#### Directions for this task
Retype the entries exactly; omit all pictures.

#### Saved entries
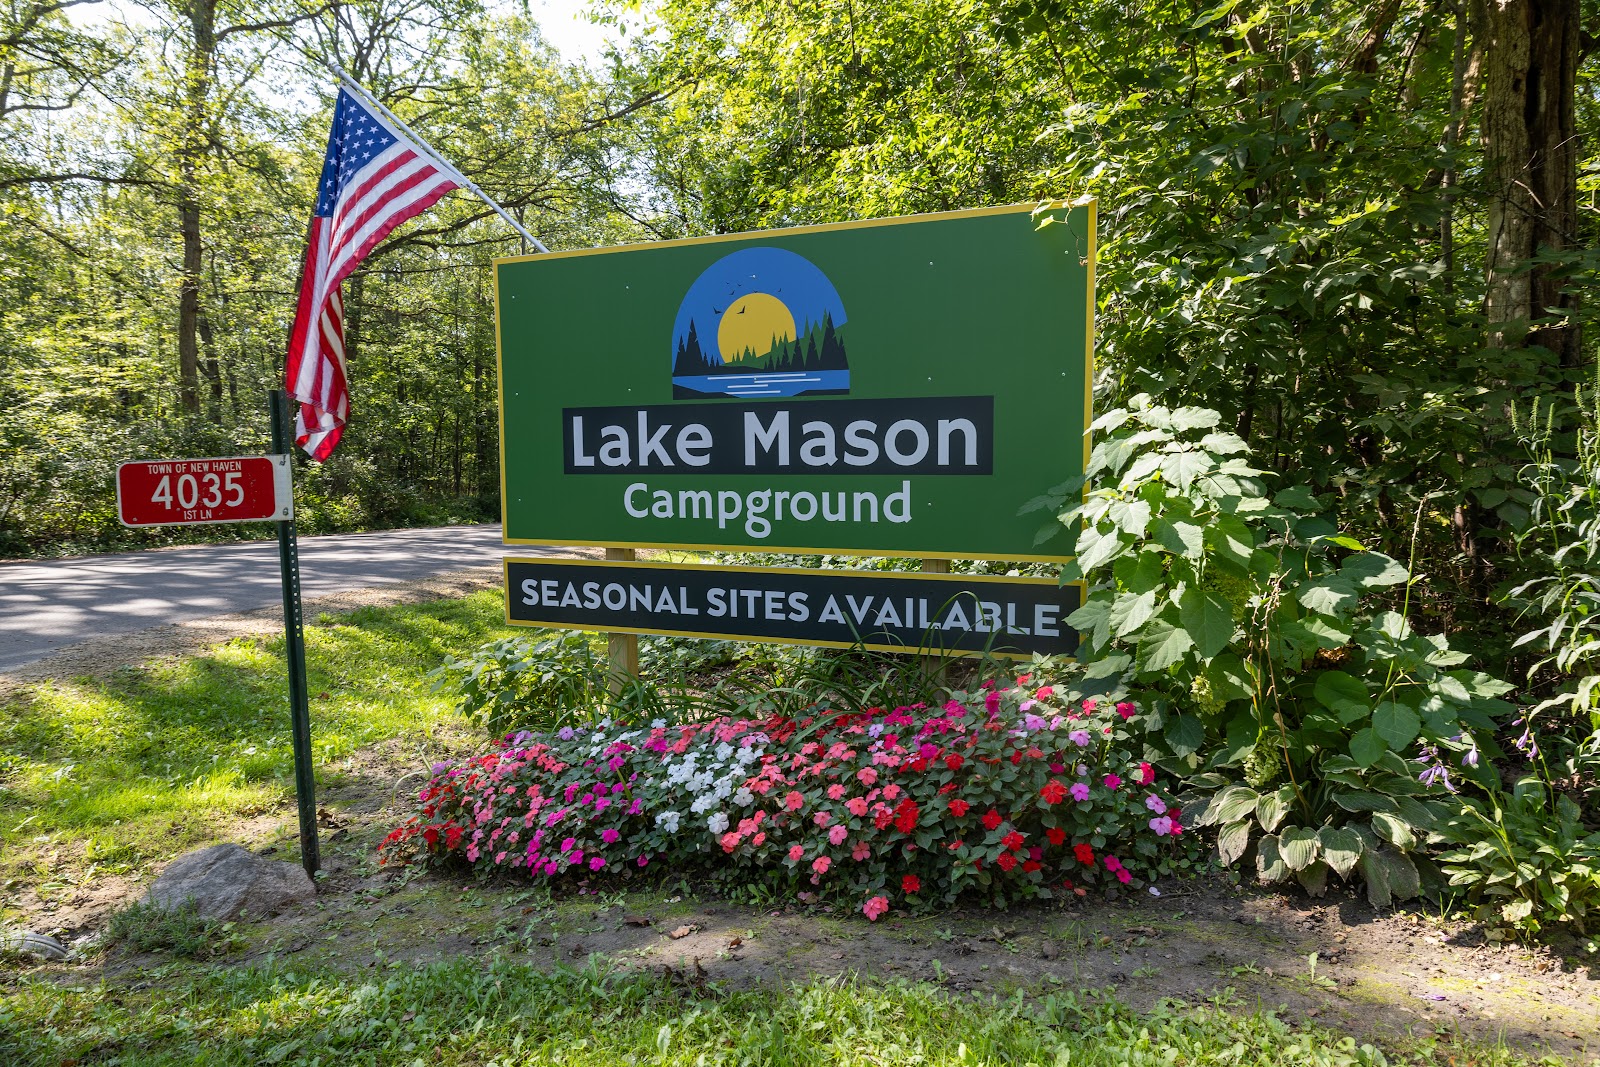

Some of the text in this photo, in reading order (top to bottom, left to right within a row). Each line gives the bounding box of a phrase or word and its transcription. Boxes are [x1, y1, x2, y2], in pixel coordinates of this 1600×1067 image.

[571, 410, 979, 468] Lake Mason
[147, 461, 242, 474] TOWN OF NEW HAVEN
[151, 472, 245, 510] 4035
[200, 509, 212, 520] LN
[623, 480, 912, 539] Campground
[521, 577, 1060, 637] SEASONAL SITES AVAILABLE

#### Reply to the exercise
Some of the text in this photo, in reading order (top to bottom, left to right within a row). Each line gives the bounding box of a phrase or word and its transcription. Boxes are [x1, y1, x2, y2], in pixel coordinates of this 1600×1067 image.

[571, 410, 979, 468] Lake Mason
[147, 461, 242, 474] TOWN OF NEW HAVEN
[151, 472, 245, 510] 4035
[200, 509, 212, 520] LN
[623, 480, 912, 539] Campground
[521, 577, 1060, 637] SEASONAL SITES AVAILABLE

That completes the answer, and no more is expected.